## Task description
Skip the pictures. Copy all the rest of the records down exactly.

## Dataset entries
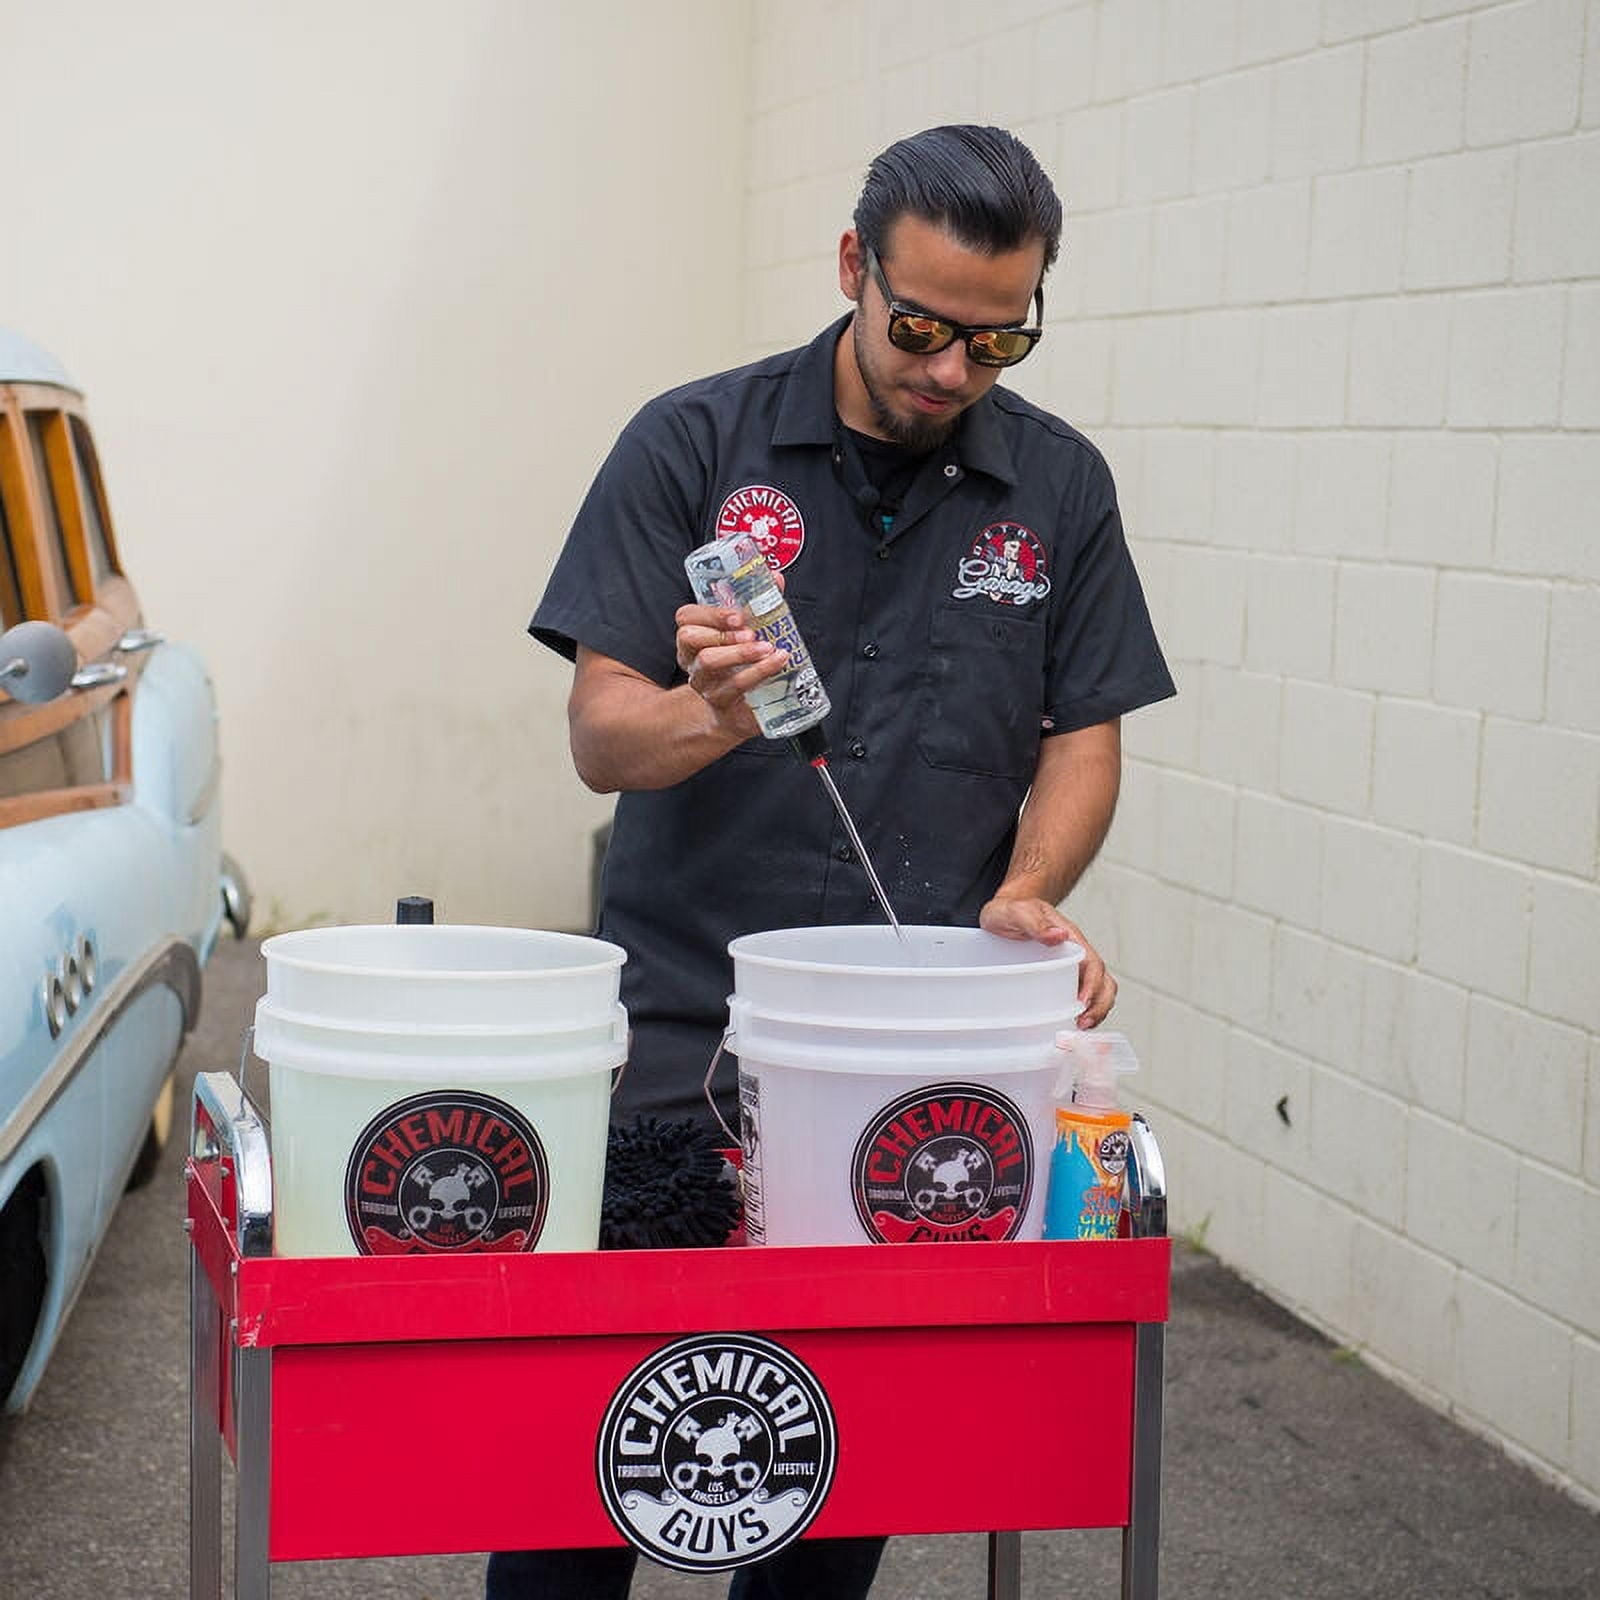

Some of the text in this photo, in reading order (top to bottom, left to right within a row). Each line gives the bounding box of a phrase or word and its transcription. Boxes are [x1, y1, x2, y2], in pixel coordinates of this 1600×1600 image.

[721, 489, 800, 533] CHEMICAL
[952, 557, 1051, 605] Garage
[362, 1109, 535, 1200] CHEMICAL
[867, 1099, 1023, 1183] CHEMICAL
[619, 1351, 817, 1455] CHEMICAL
[658, 1507, 770, 1554] GUYS
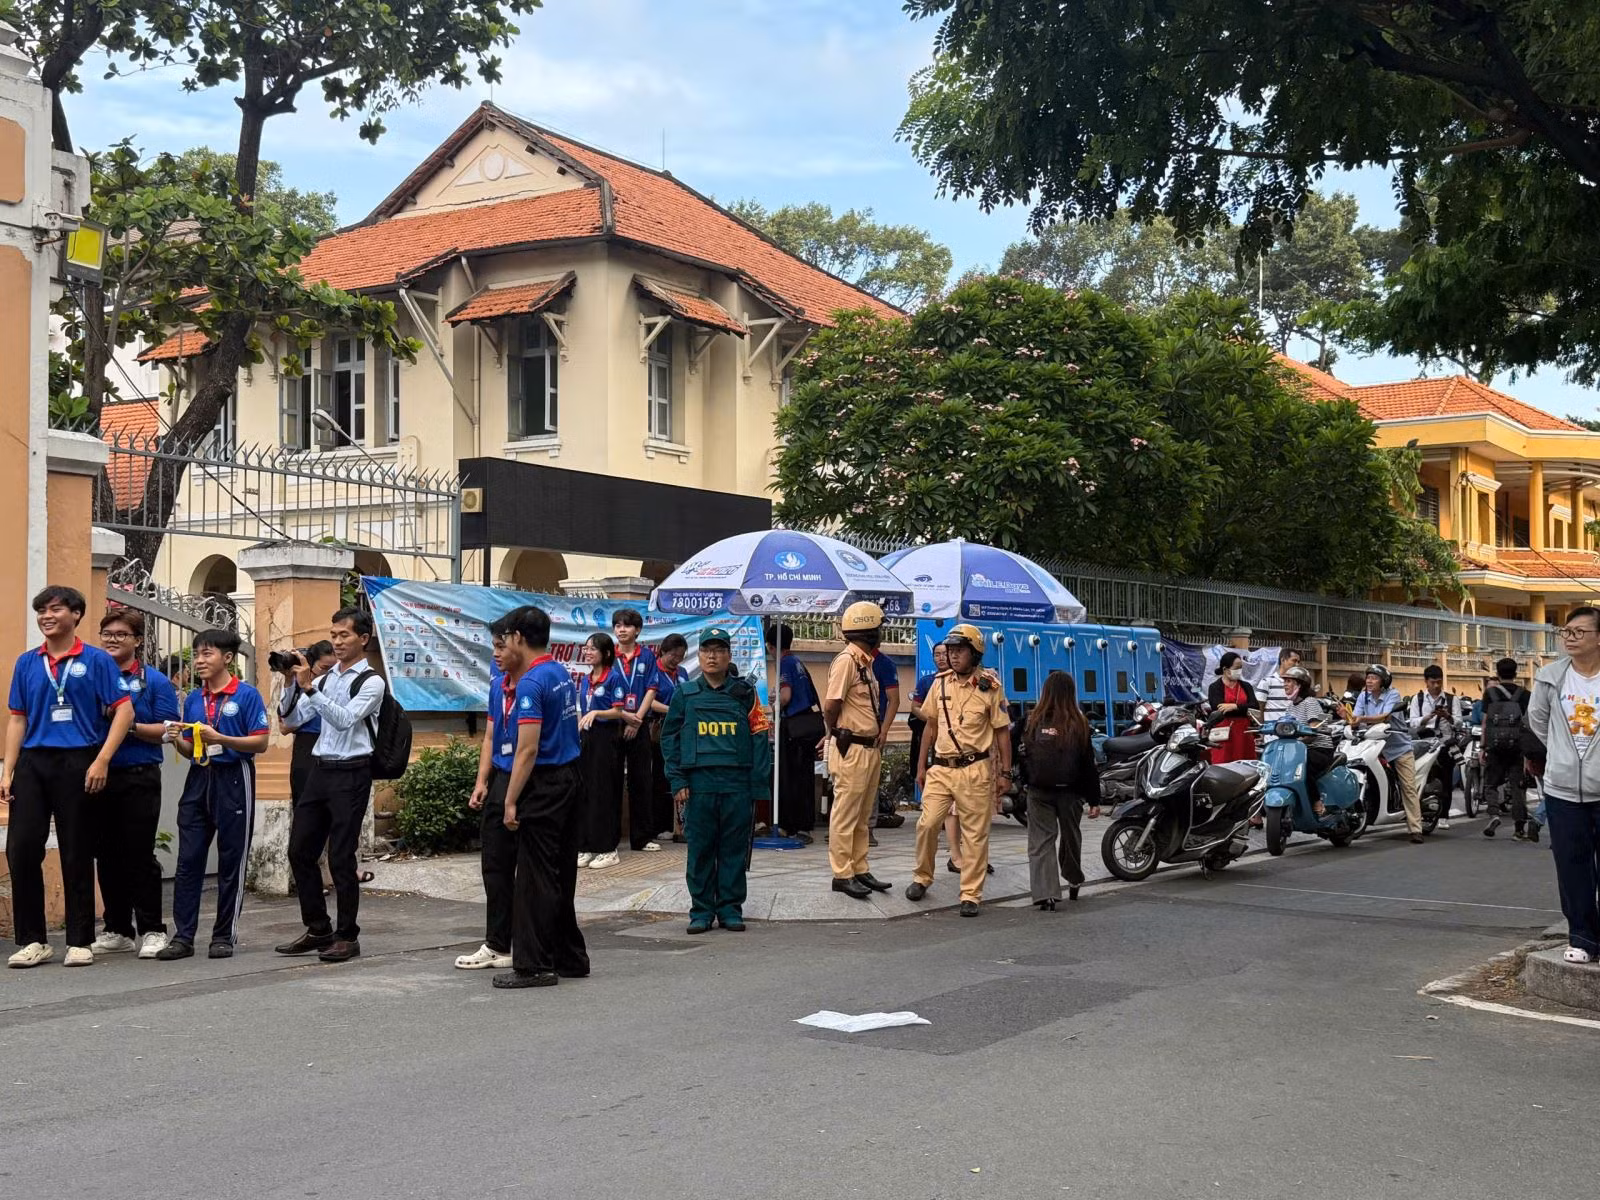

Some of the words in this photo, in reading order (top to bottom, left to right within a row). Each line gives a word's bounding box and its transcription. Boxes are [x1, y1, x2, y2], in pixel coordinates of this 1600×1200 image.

[802, 573, 822, 581] MINH
[672, 597, 723, 609] 18001568
[853, 616, 875, 624] CSGT
[698, 721, 737, 737] DQTT
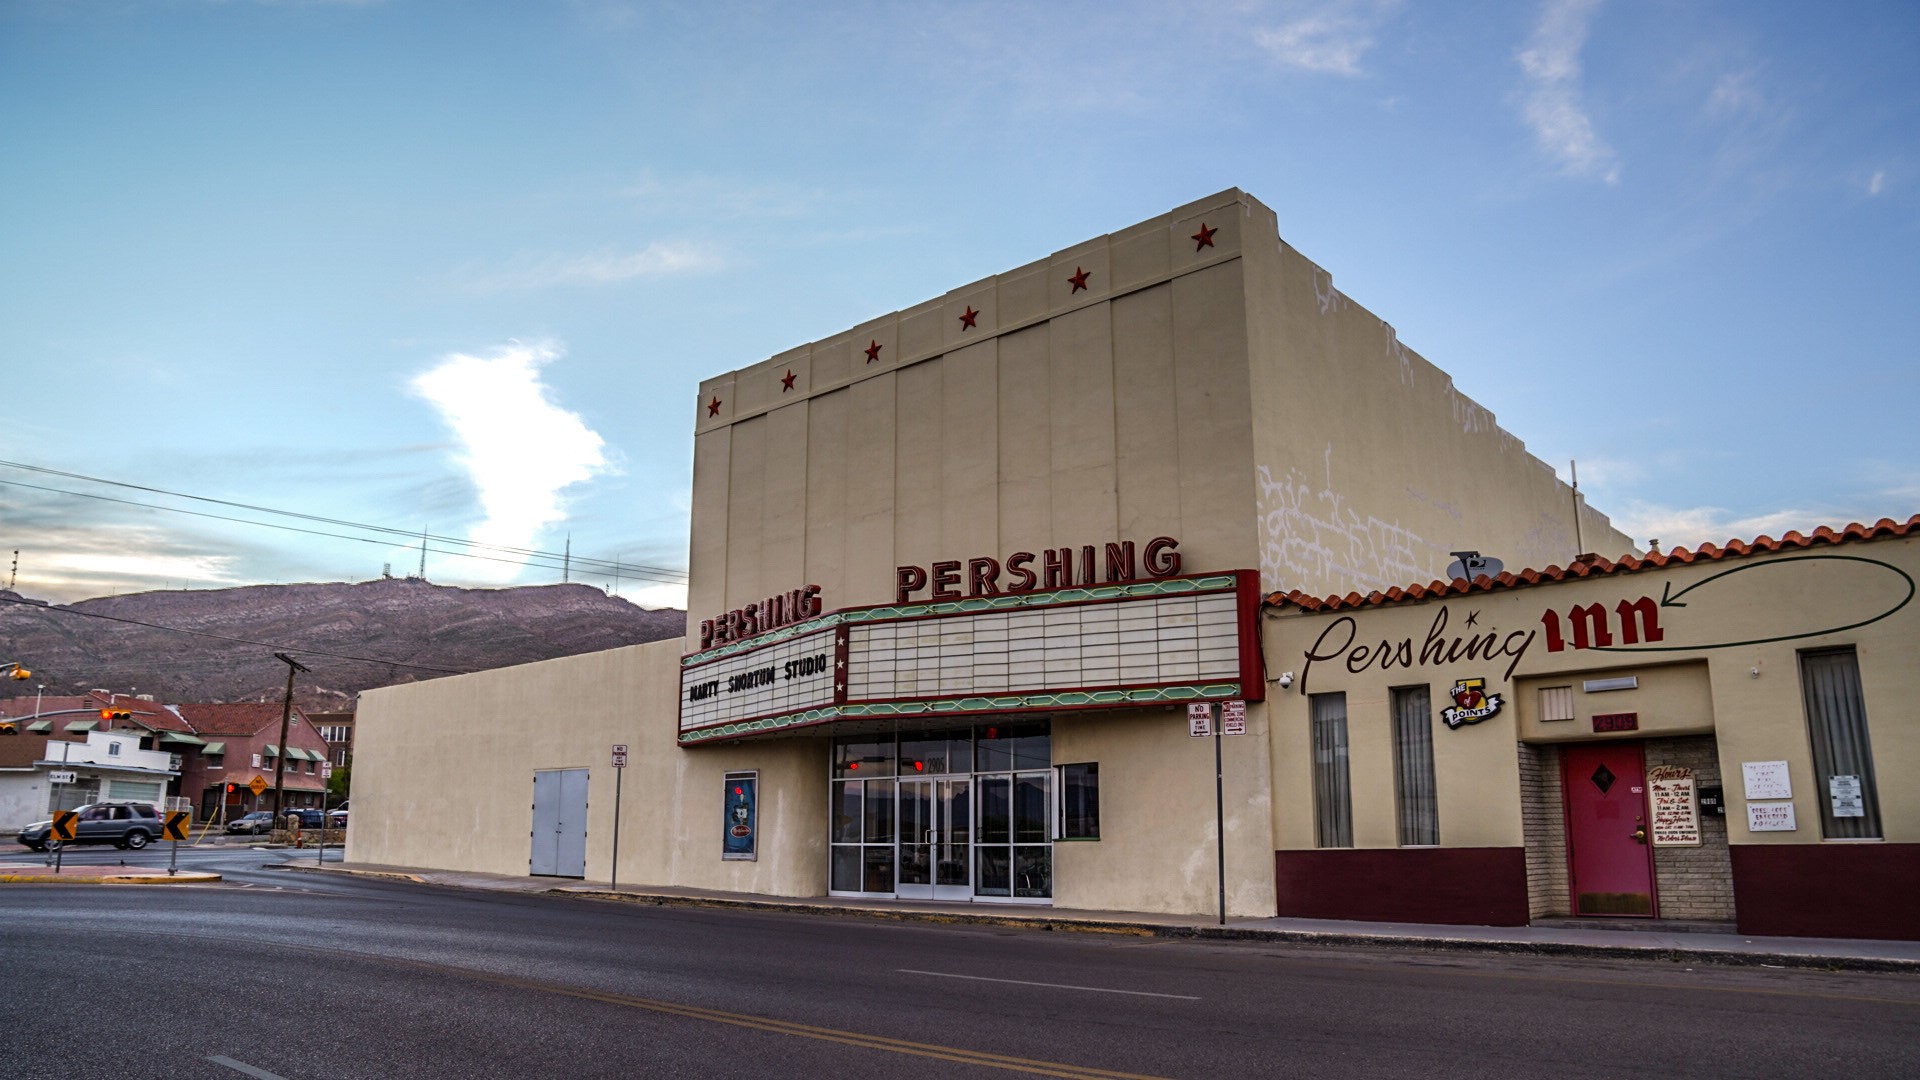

## Answer for the task
Some of the text in this photo, in reading order (top to bottom, left to right within a row). Each line gives the bounding box of a phrase or word and its transcription. Boxes are [x1, y1, x2, y2], in pixel coordinates of this 1600×1600 image.

[721, 489, 800, 533] CHEMICAL
[952, 557, 1051, 605] Garage
[362, 1109, 535, 1200] CHEMICAL
[867, 1099, 1023, 1183] CHEMICAL
[619, 1351, 817, 1455] CHEMICAL
[658, 1507, 770, 1554] GUYS

Some of the words in this photo, in reading order (top to bottom, left to right within a row). Each line gives a word's bounding box and its transcription. Boxes are [x1, y1, x2, y2], in pixel coordinates of this 1600×1200 image.

[802, 573, 822, 581] MINH
[672, 597, 723, 609] 18001568
[853, 616, 875, 624] CSGT
[698, 721, 737, 737] DQTT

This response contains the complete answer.